Portugal deniega más ayudas a Pescanova para la planta de Mira
El Gobierno luso «aguarda expectante» que la piscifactoría vuelva a producir
El Gobierno de Portugal no ha querido ayudar a
Pescanova a reparar las instalaciones de la piscifactoría portuguesa de
Mira, porque considera que «ese apoyo ya fue dado» cuando la compañía
decidió instalarse en la localidad, donde inauguró su planta en el 2009.
En aquel momento, el grupo gallego negoció la
obtención de 45 millones de fondos públicos, a cambio de una inversión
de 140 millones y la garantía de contratación de trabajadores
portugueses.
A pesar de la gravedad de la avería de la planta
de producción de rodaballo, que ha deparado más de 70 millones de euros
de pérdidas para Pescanova en el último año, el Ejecutivo portugués ha
optado por mantenerse al margen, a la espera de la evolución de la
empresa gallega, en proceso concursal. «Colaboramos en todo lo que
estuvo a nuestro alcance para que la compañía dispusiese de fondos para
financiarse, pero no procedieron directamente del Estado», afirmó la
ministra de Agricultura, Assunçao Cristas, que se mostró expectante por
que Pescanova reactive la macroplanta de acuicultura de rodaballo,
considerada la mayor instalación de cría de esta especie del mundo.

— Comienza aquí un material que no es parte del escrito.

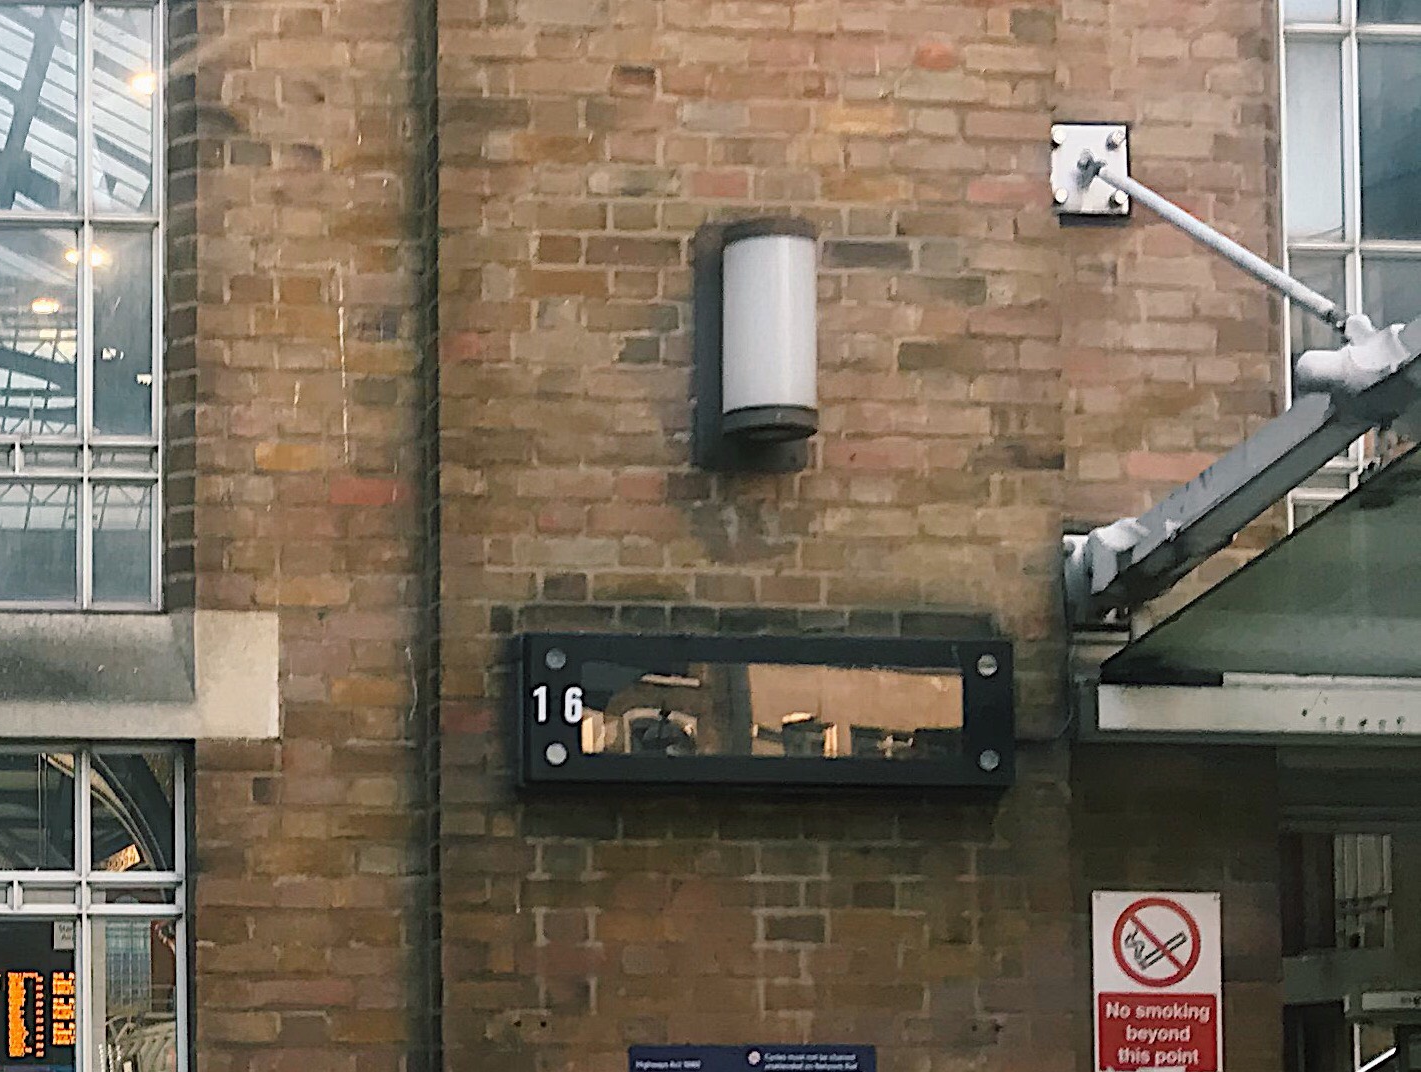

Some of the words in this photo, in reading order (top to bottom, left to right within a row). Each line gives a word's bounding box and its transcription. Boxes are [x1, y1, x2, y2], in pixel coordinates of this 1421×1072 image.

[1105, 1002, 1131, 1019] No
[1135, 1002, 1210, 1023] smoking
[1125, 1025, 1191, 1045] beyond
[1118, 1047, 1151, 1065] this
[1155, 1047, 1199, 1068] point
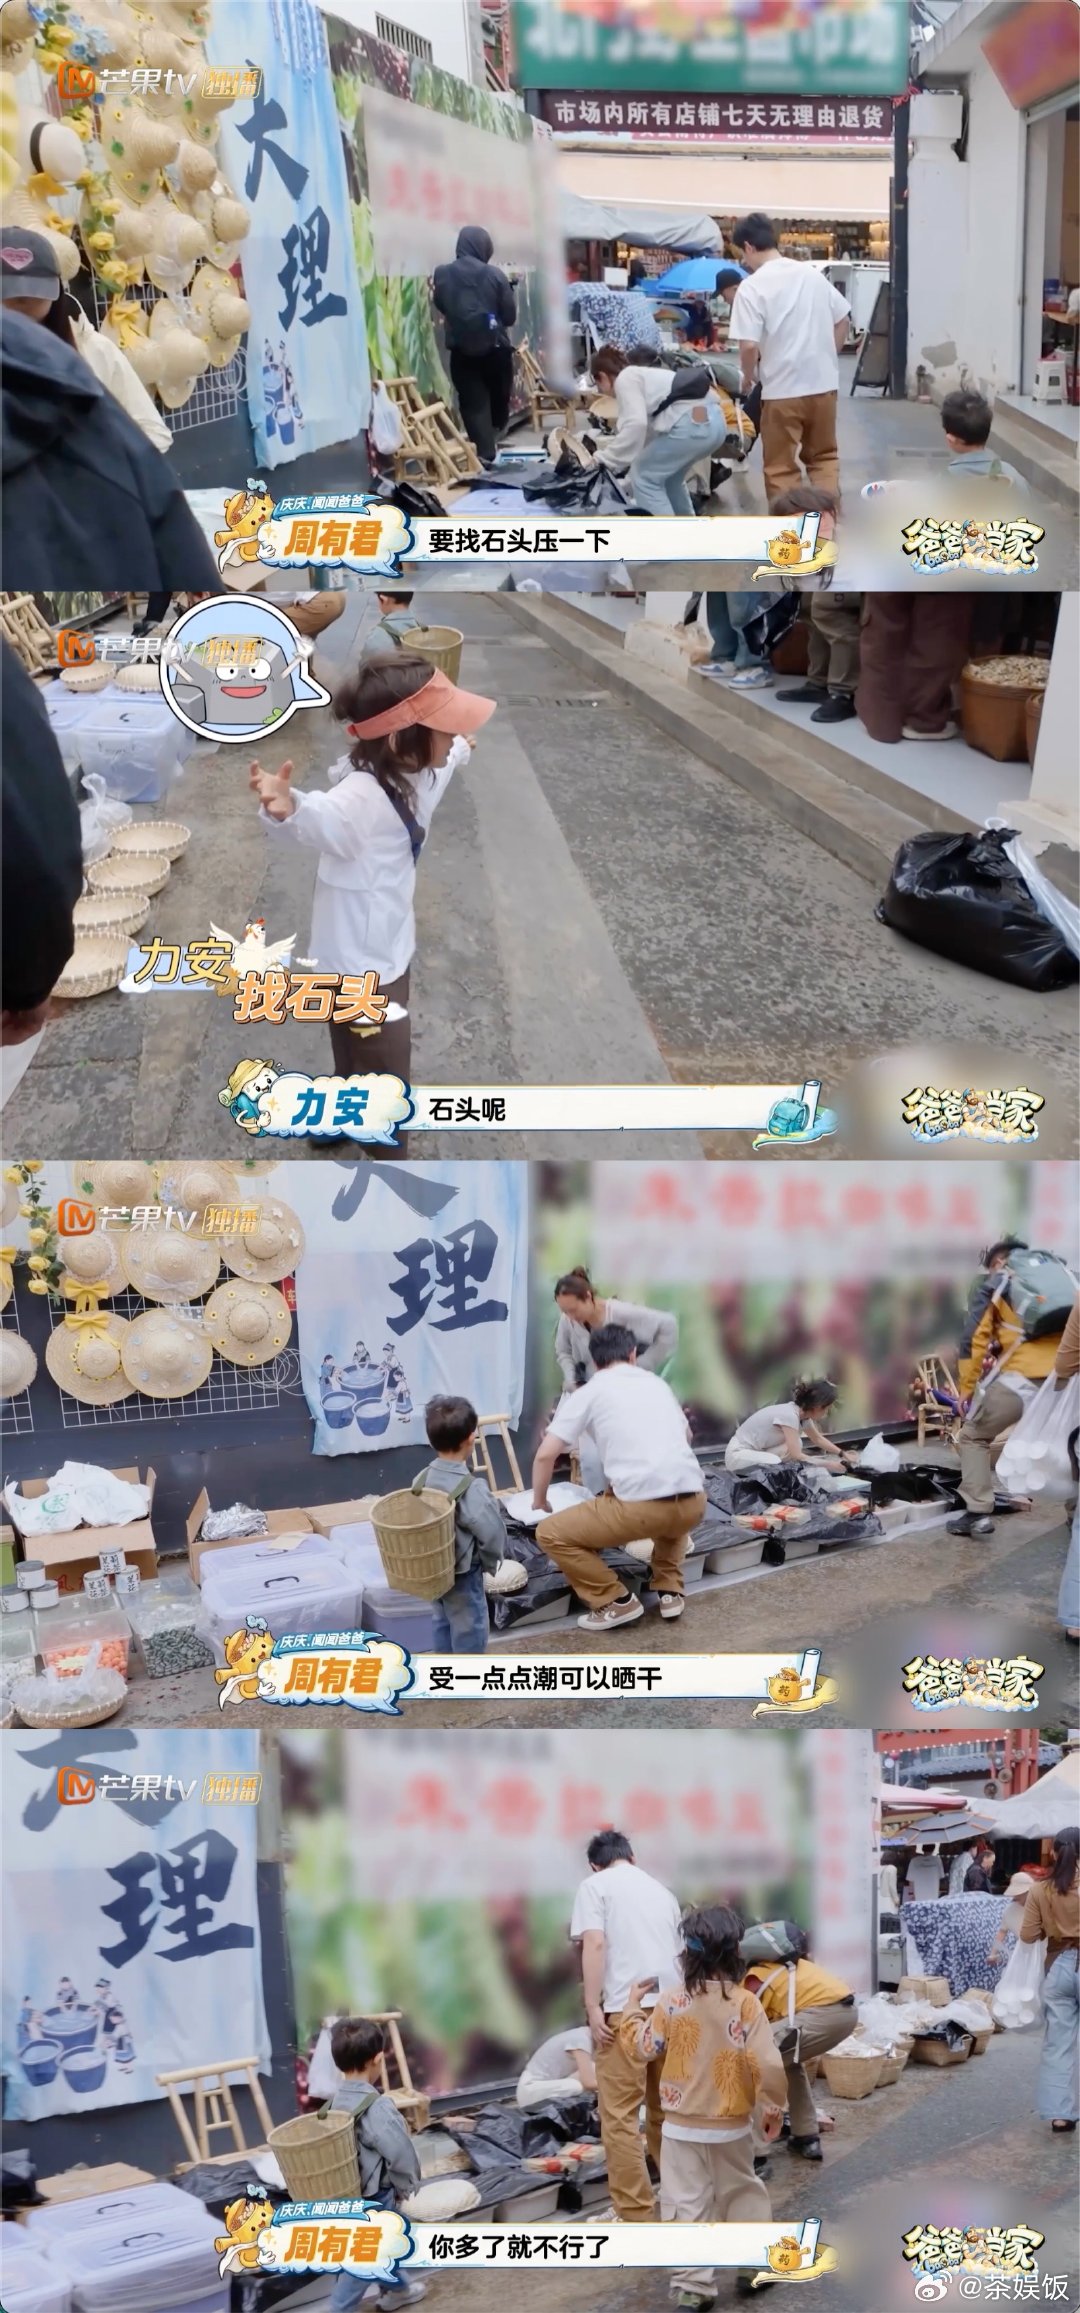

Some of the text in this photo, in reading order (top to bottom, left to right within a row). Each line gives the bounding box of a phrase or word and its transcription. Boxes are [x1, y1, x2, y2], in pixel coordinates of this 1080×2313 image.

[555, 101, 884, 129] 市场内所有店铺七天无理由退货
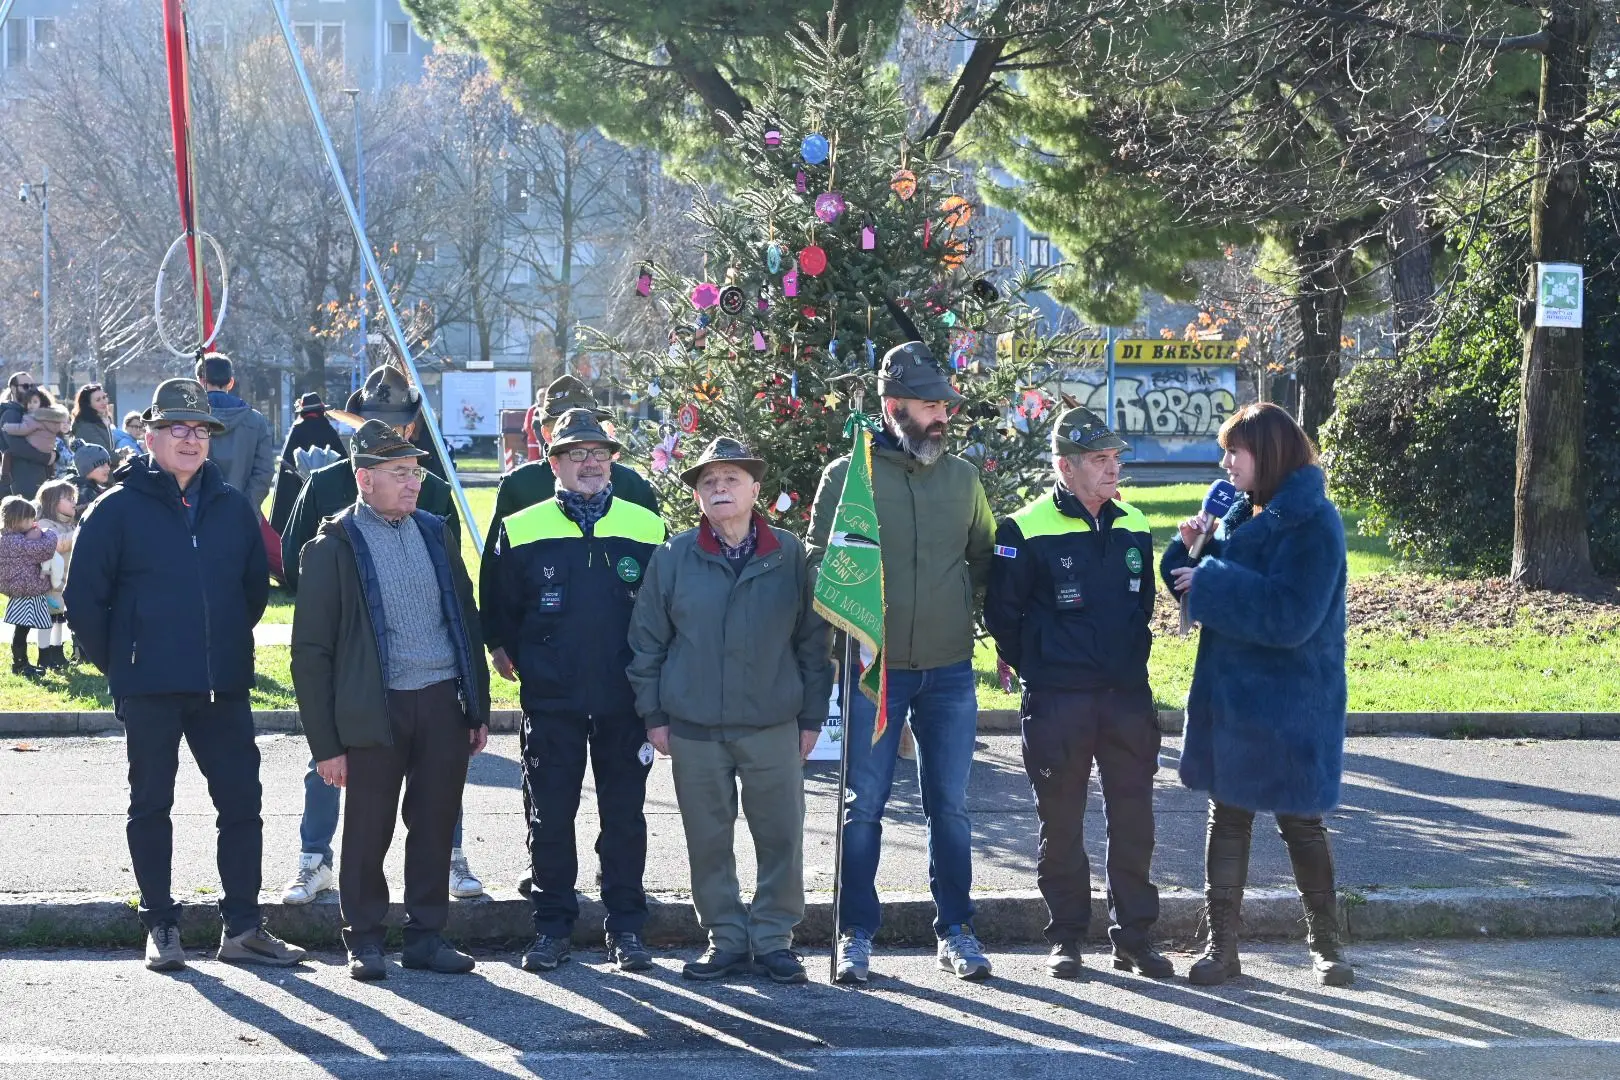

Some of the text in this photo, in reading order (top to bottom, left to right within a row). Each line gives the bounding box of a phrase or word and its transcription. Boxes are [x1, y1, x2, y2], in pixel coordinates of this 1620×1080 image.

Sobre la posibilidad de que el grupo gallego
tenga que deshacerse de la instalación, debido al estrangulamiento
financiero que sufre, Cristas se remitió a una reciente comunicación de
los administradores concursales. «La información que tenemos es que ya
se están preparando para volver a producir, lo que es muy importante
para Portugal», dijo.
La planta, creada para producir 7.000 toneladas de rodaballo al año, todavía no ha alcanzado el 50 % de esta previsión.